Le gouvernement hondurien a placé mercredi 19 août près de 80% du territoire national en état d’alerte en raison d’un manque d’eau critique, dont la capitale Tegucigalpa. La sécheresse, amplifiée par le phénomène El Niño apparu en mai 2026, menace les récoltes, le bétail et l’approvisionnement en eau potable de plusieurs populations. La situation devrait encore se détériorer entre octobre et décembre, période attendue pour le pic du phénomène.
Le « couloir sec », une région s’étendant du centre au sud du Honduras, est particulièrement touché. Les récoltes y sont compromises et le bétail meurt faute d’eau et de nourriture. « J’ai déjà six vaches qui sont mortes. Nous avons peur que ça continue », témoigne Maria Ponce, agricultrice dans cette zone aride.
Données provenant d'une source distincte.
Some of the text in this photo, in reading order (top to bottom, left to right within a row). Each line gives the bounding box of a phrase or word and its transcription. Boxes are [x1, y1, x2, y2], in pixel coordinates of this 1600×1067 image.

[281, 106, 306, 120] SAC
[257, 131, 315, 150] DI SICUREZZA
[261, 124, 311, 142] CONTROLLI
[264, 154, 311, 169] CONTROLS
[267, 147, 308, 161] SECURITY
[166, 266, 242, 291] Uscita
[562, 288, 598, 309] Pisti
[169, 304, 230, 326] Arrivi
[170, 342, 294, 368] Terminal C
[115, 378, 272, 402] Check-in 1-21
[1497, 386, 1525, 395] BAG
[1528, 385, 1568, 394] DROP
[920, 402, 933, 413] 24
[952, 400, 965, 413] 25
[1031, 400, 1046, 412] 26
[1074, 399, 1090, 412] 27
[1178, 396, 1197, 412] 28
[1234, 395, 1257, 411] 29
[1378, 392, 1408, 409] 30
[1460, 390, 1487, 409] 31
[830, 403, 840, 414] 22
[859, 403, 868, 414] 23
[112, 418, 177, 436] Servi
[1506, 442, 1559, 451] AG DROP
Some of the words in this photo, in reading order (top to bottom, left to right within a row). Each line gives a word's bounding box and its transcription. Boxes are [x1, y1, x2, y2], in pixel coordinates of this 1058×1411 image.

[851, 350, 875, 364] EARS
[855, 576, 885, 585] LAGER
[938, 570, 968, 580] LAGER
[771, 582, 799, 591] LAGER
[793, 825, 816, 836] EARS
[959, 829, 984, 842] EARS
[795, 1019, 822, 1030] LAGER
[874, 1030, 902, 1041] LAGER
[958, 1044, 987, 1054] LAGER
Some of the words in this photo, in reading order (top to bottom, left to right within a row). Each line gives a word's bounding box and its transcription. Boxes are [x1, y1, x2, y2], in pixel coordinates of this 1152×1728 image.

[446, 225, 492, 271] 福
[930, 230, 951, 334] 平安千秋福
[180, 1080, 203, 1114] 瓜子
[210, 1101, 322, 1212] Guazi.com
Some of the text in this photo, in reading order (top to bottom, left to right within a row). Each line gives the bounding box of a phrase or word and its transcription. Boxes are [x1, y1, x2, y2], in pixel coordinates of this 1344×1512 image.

La crise affecte également l’accès à l’eau potable pour de nombreux habitants. Aux abords de Tegucigalpa, des coupures peuvent durer plusieurs jours. Diego, un résident de la région, raconte avoir été privé d’eau pendant douze jours consécutifs. « L’eau qui nous vient des sources est aujourd’hui presque épuisée. Cela nous inquiète de plus en plus chaque jour », confie-t-il, redoutant les conséquences sanitaires d’une eau devenue impropre à la consommation.
Pour faire face à l’urgence, le gouvernement prévoit de distribuer de l’eau et de forer de nouveaux puits. Mais la situation risque de s’aggraver : les météorologues anticipent un El Niño qui pourrait être l’un des plus puissants jamais observés, avec des températures de la surface de la mer en hausse continue depuis mai dans la zone orientale du Pacifique sud.